Fleming and a group of researchers discovered this after studying 32 volunteers who played a computer game that's a bit like Who Wants to be a Millionaire, but without the big money.
Participants had to identify a patch of screen that was just slightly brighter than the rest of the screen. And every time they did this they had to say how confident they felt about their choice.
Then the researchers scanned the brain of every participant.

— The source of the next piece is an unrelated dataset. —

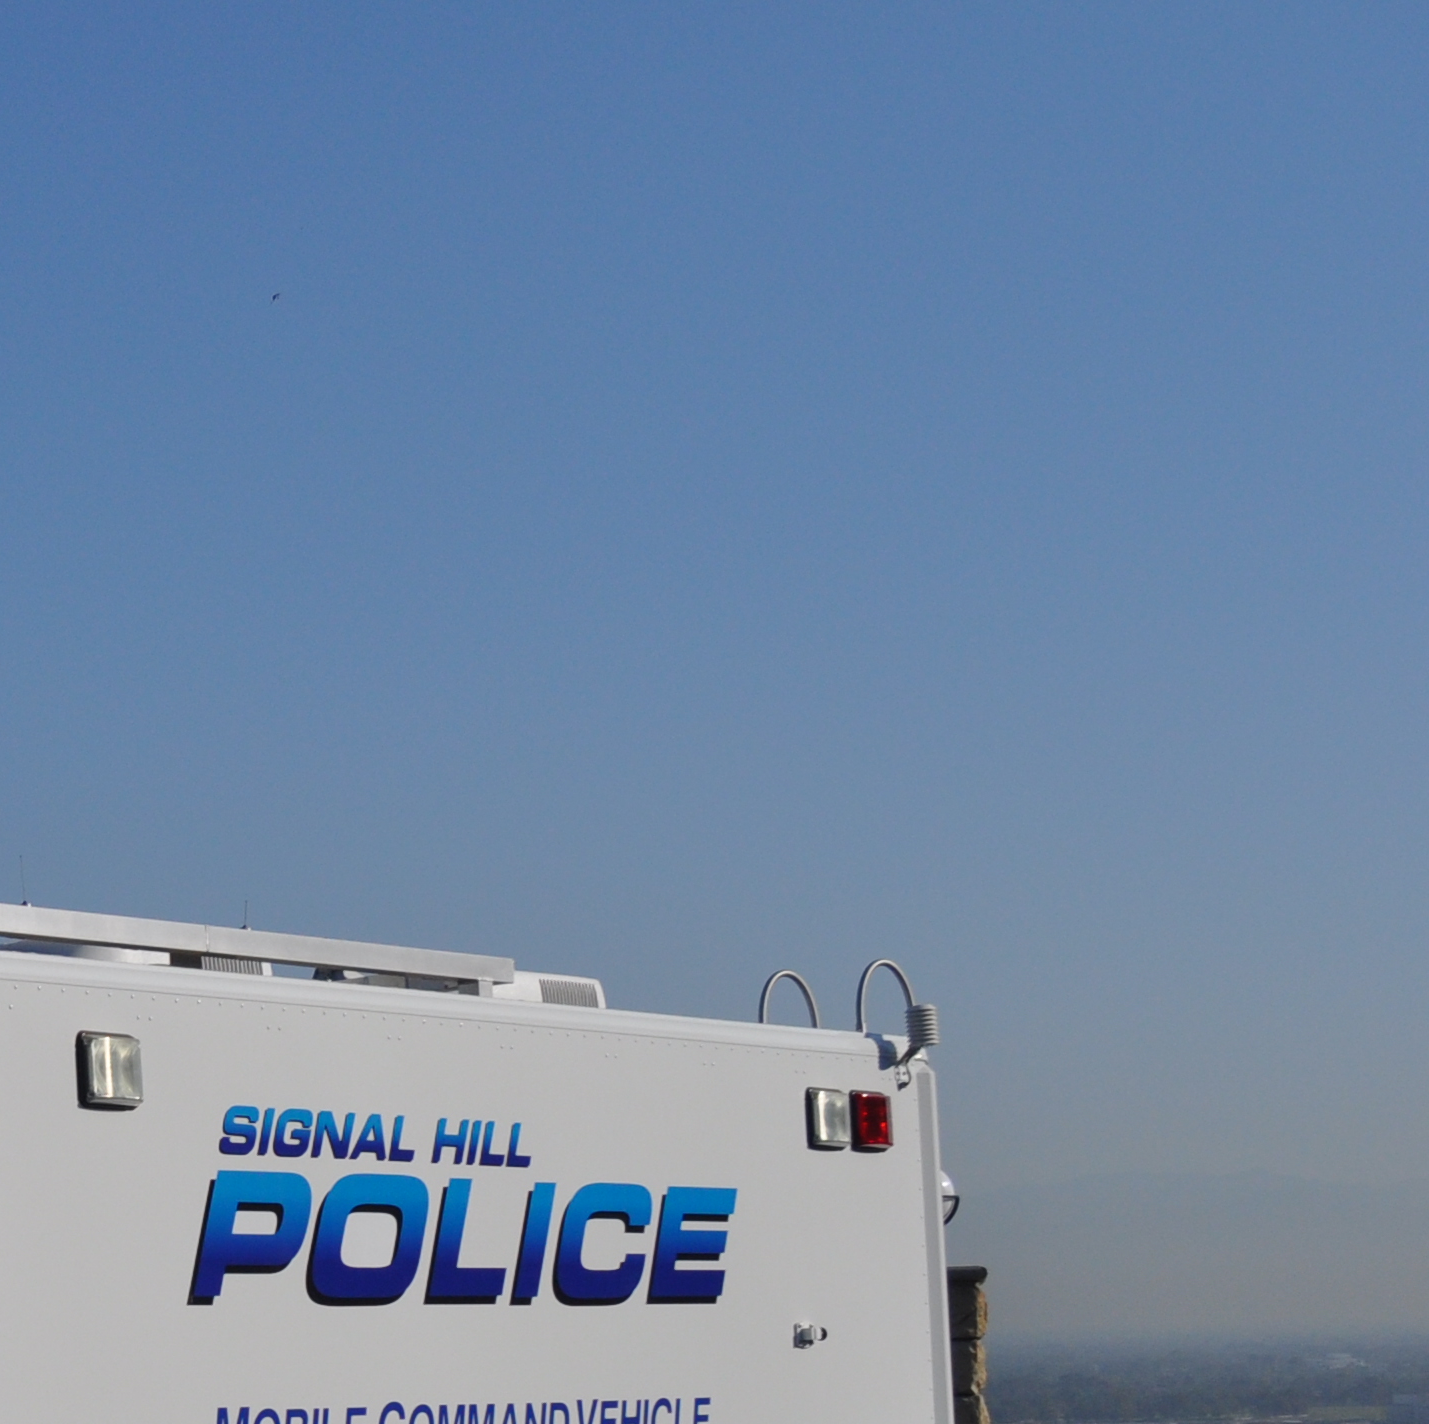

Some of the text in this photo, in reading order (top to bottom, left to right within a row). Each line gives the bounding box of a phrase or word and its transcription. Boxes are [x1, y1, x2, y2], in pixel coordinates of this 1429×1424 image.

[218, 1104, 532, 1168] SIGNAL HILL
[187, 1169, 738, 1307] POLICE
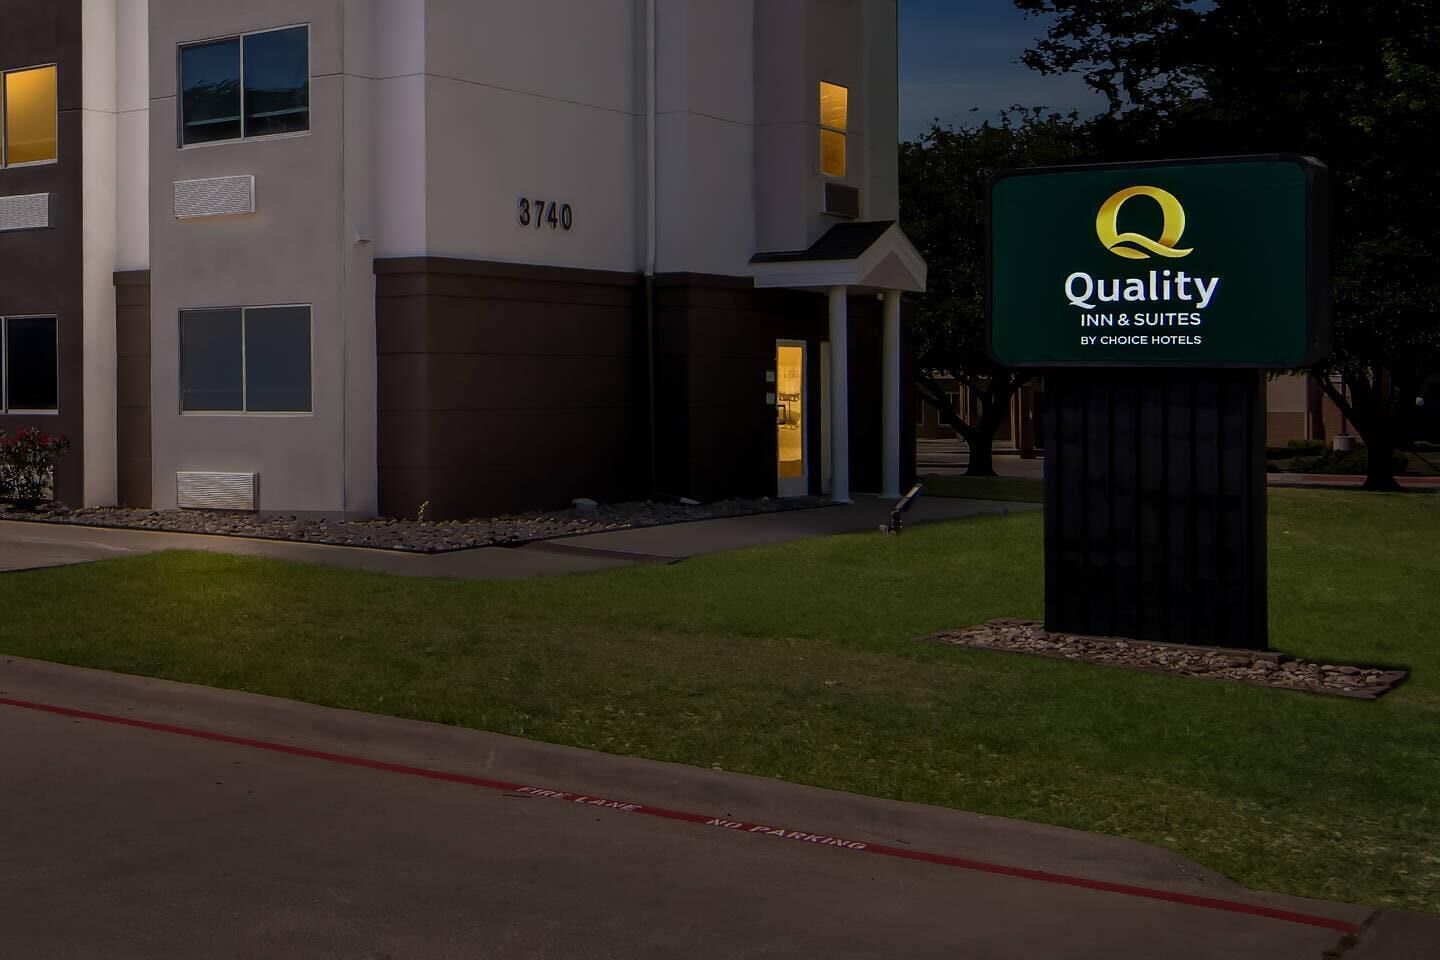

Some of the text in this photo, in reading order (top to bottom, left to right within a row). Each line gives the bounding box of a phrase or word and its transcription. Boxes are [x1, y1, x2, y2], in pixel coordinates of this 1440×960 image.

And they found something.
"We isolated a region of the prefrontal cortex, which is right at the front of the brain and is thought to be involved in high-level thought, conscious planning, monitoring of our ongoing brain activity," Fleming says.
In people who were good at assessing their own level of certainty, that region had more gray matter and more connections to other parts of the brain, according to the study Fleming and his colleagues published in the journal Science.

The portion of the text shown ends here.